Output the records exactly as they appear, with no pictures included.

[Annotated photo localization data]
<<<<
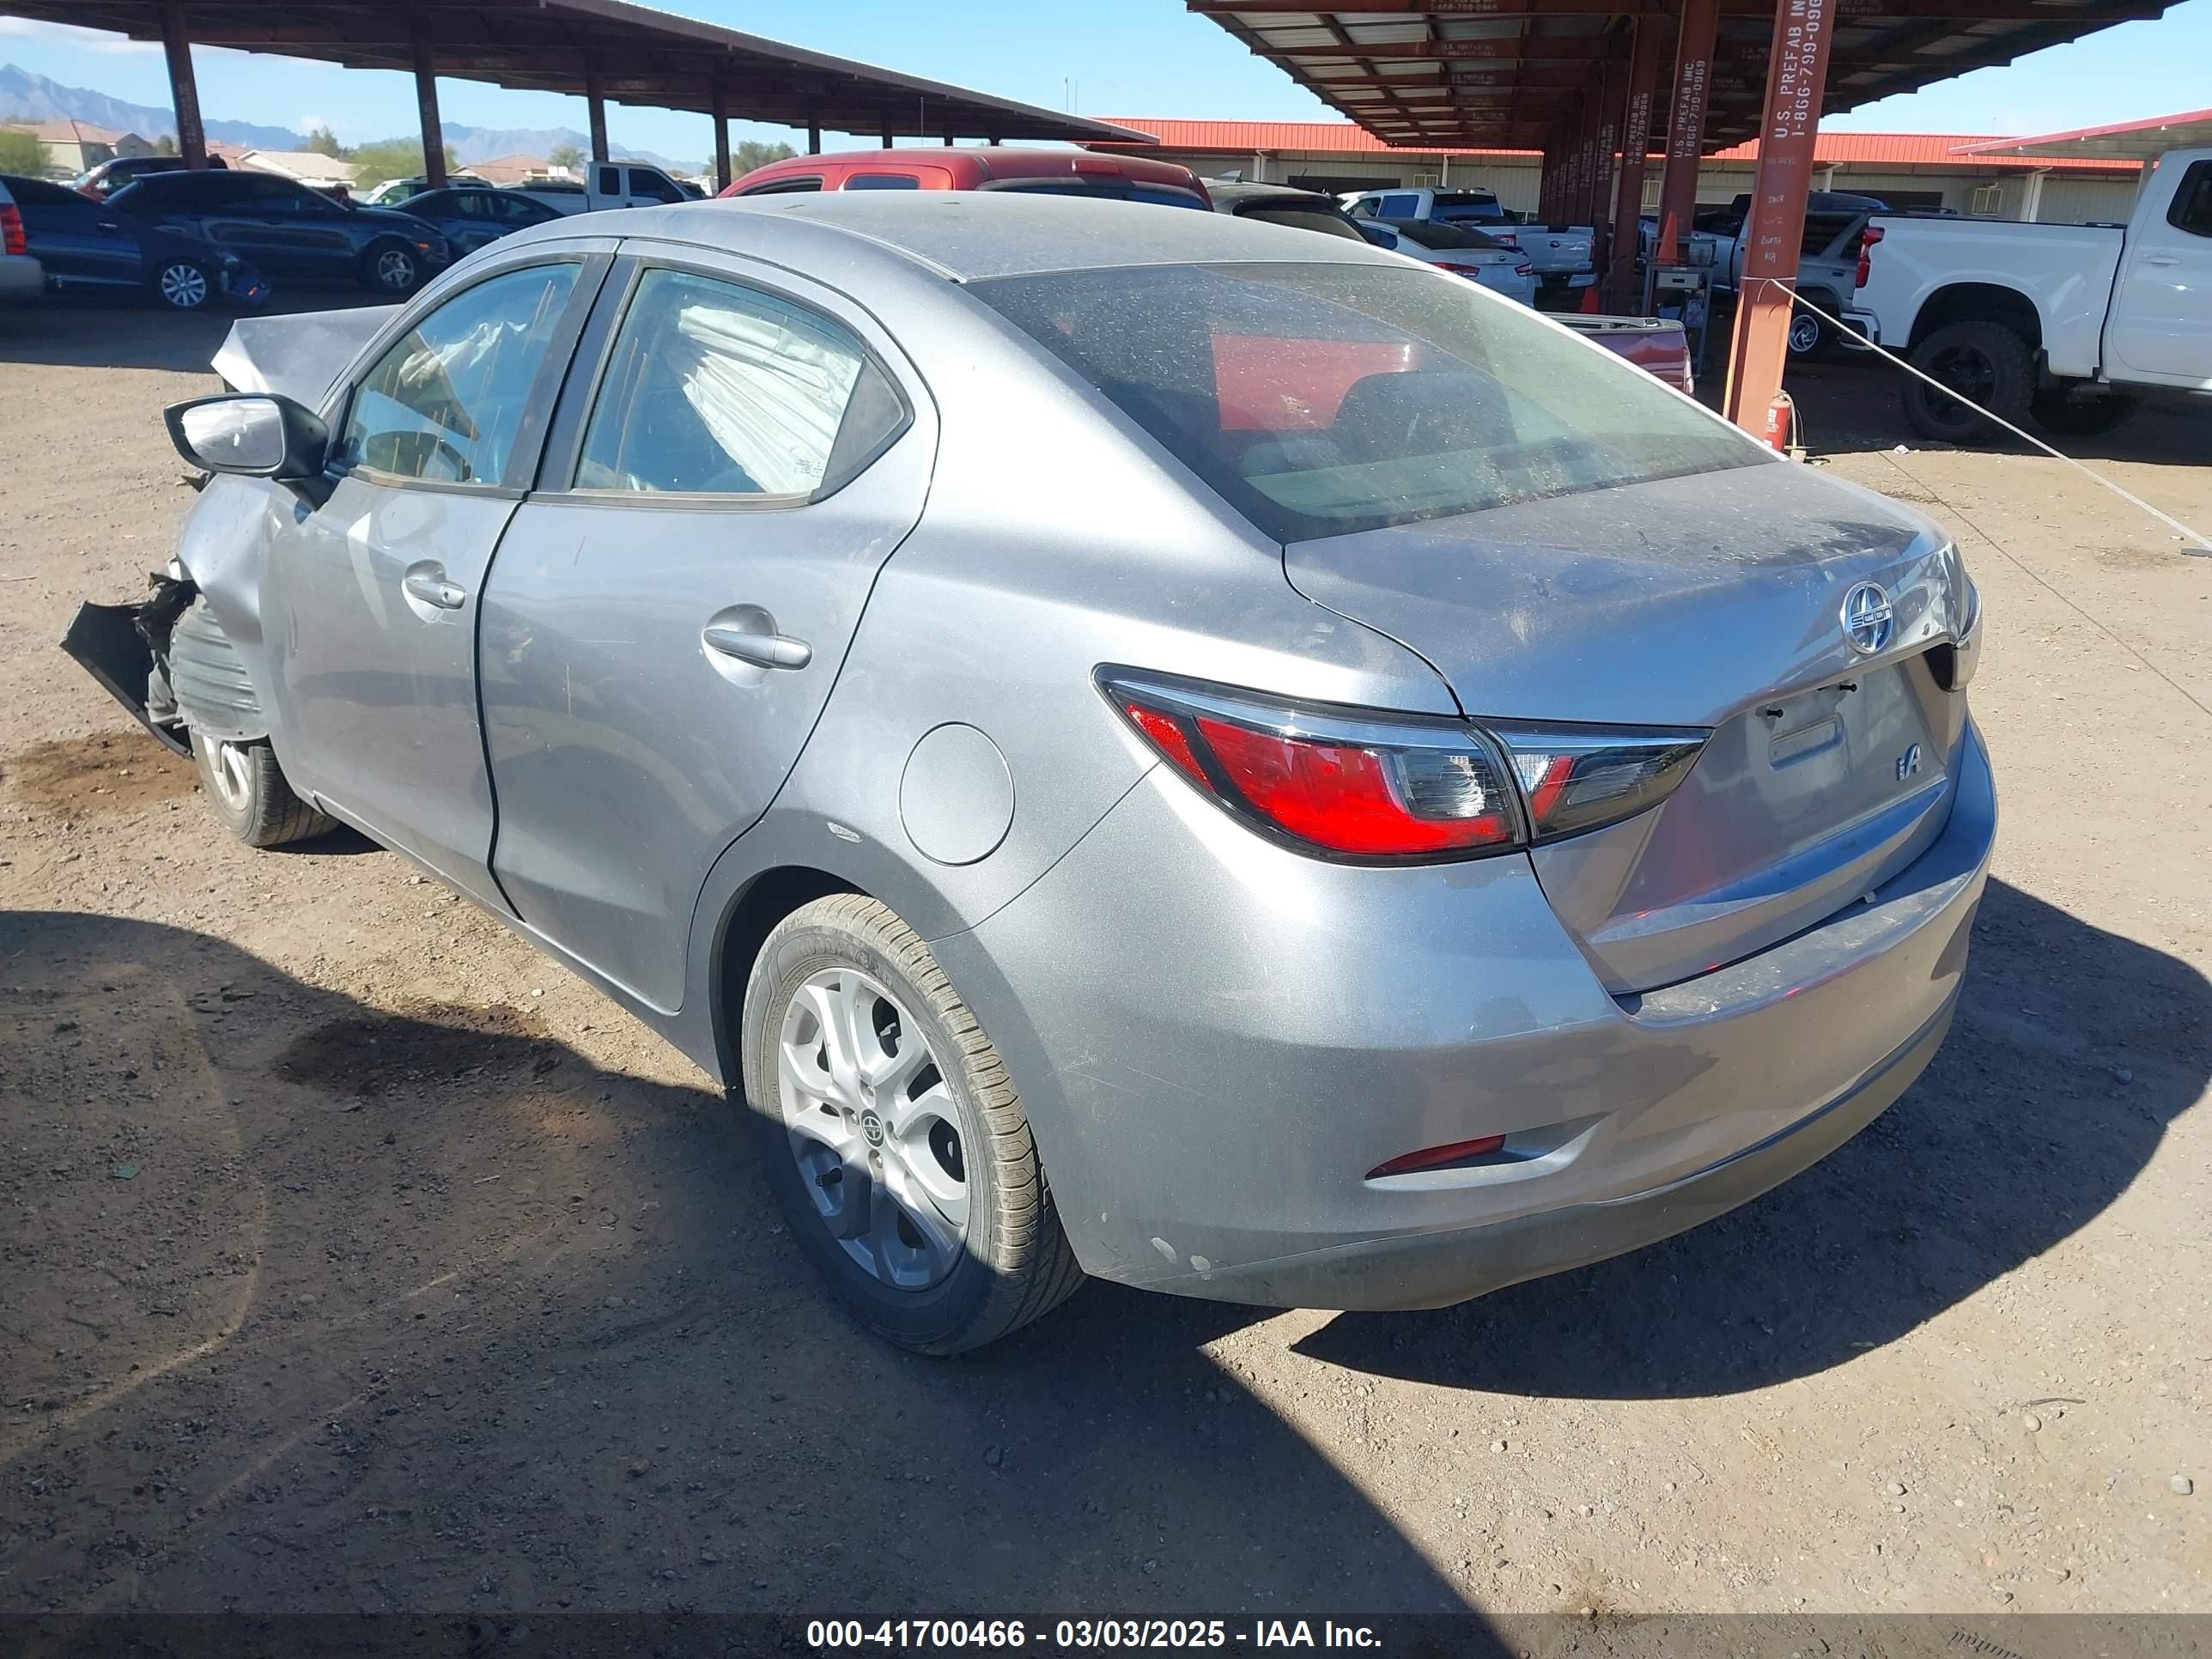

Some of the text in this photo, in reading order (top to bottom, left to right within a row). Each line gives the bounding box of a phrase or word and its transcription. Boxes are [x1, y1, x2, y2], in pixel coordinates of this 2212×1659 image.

[1780, 27, 1802, 95] PREFAB
[1674, 60, 1696, 158] U.S. PREFAB INC.
[1684, 60, 1705, 156] 1-866-799-0969
[1775, 106, 1792, 137] U.S.
[1850, 606, 1893, 628] SCION
[1895, 742, 1922, 781] iA
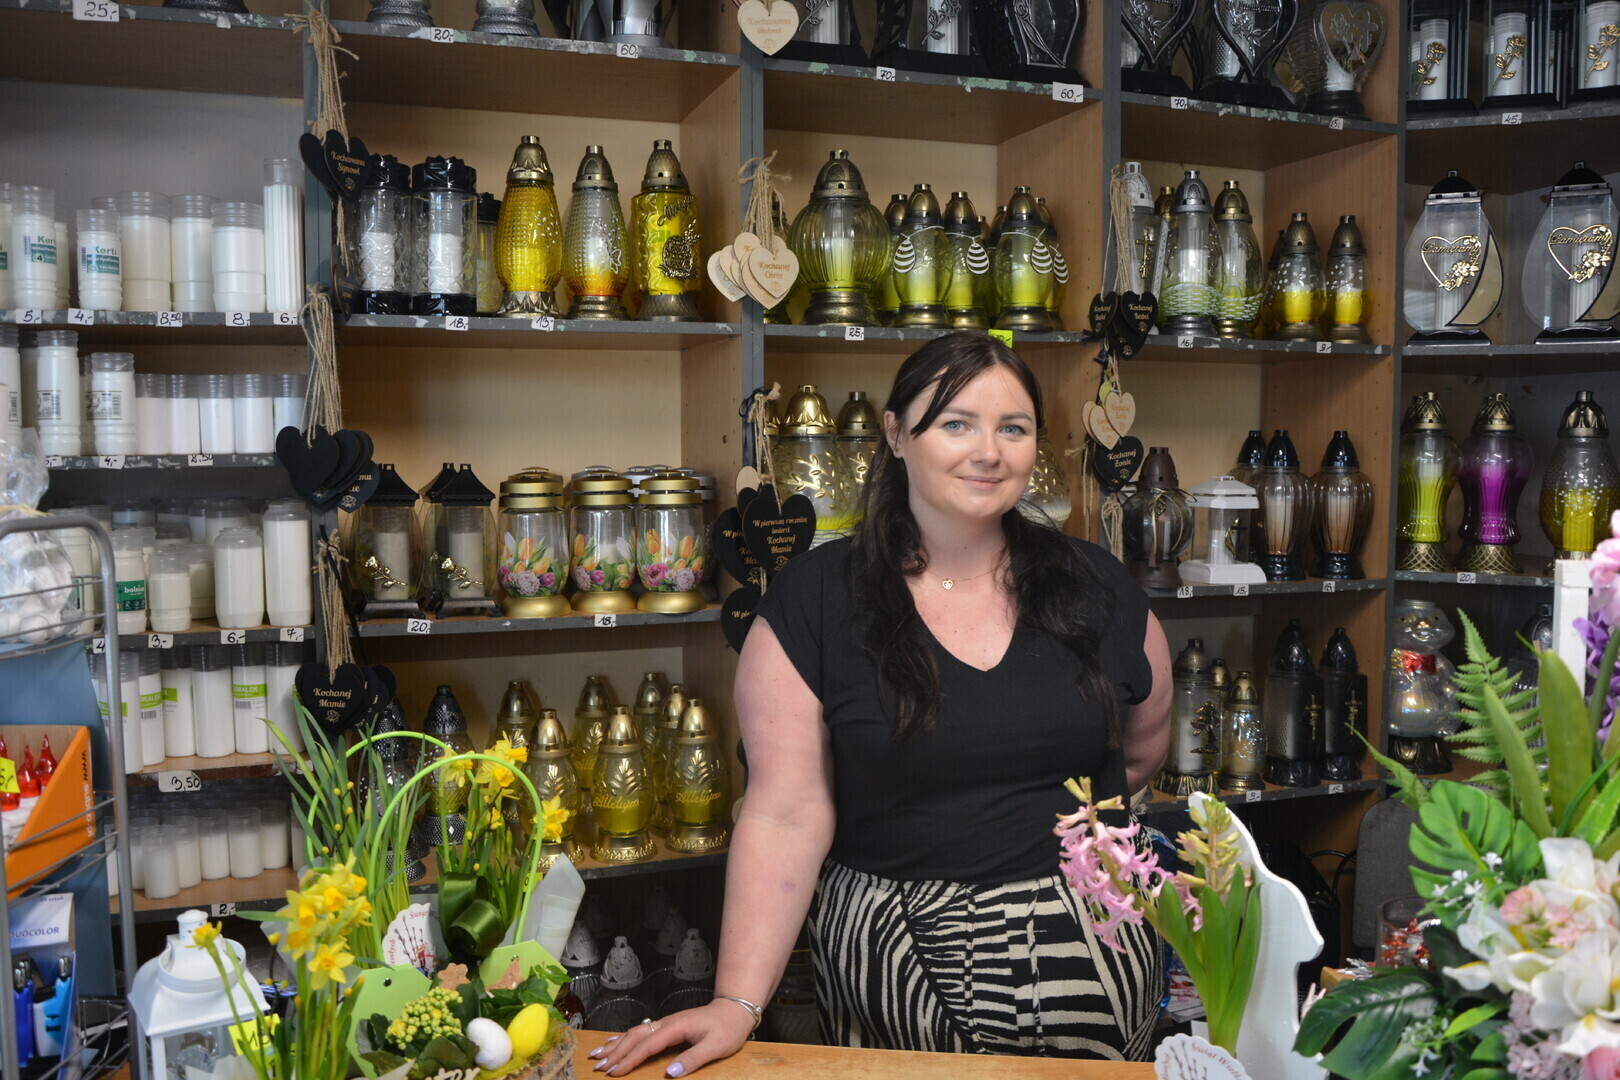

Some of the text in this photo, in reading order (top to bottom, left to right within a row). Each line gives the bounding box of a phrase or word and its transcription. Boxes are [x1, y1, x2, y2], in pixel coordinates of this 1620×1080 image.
>>>>
Answer space:
Some of the text in this photo, in reading order (top to bottom, left to right within a row). Each line gives the bounding box of a phrase or word and its transcription. Boxes are [x1, y1, x2, y2], in pixel coordinates of this 2212×1659 image.

[1780, 27, 1802, 95] PREFAB
[1674, 60, 1696, 158] U.S. PREFAB INC.
[1684, 60, 1705, 156] 1-866-799-0969
[1775, 106, 1792, 137] U.S.
[1850, 606, 1893, 628] SCION
[1895, 742, 1922, 781] iA

Some of the text in this photo, in reading order (top to bottom, left to right within a row). Each line gives the bounding box of a phrase or word and its transcription. Boxes are [x1, y1, x2, y2], in pixel coordinates of this 1620×1080 image.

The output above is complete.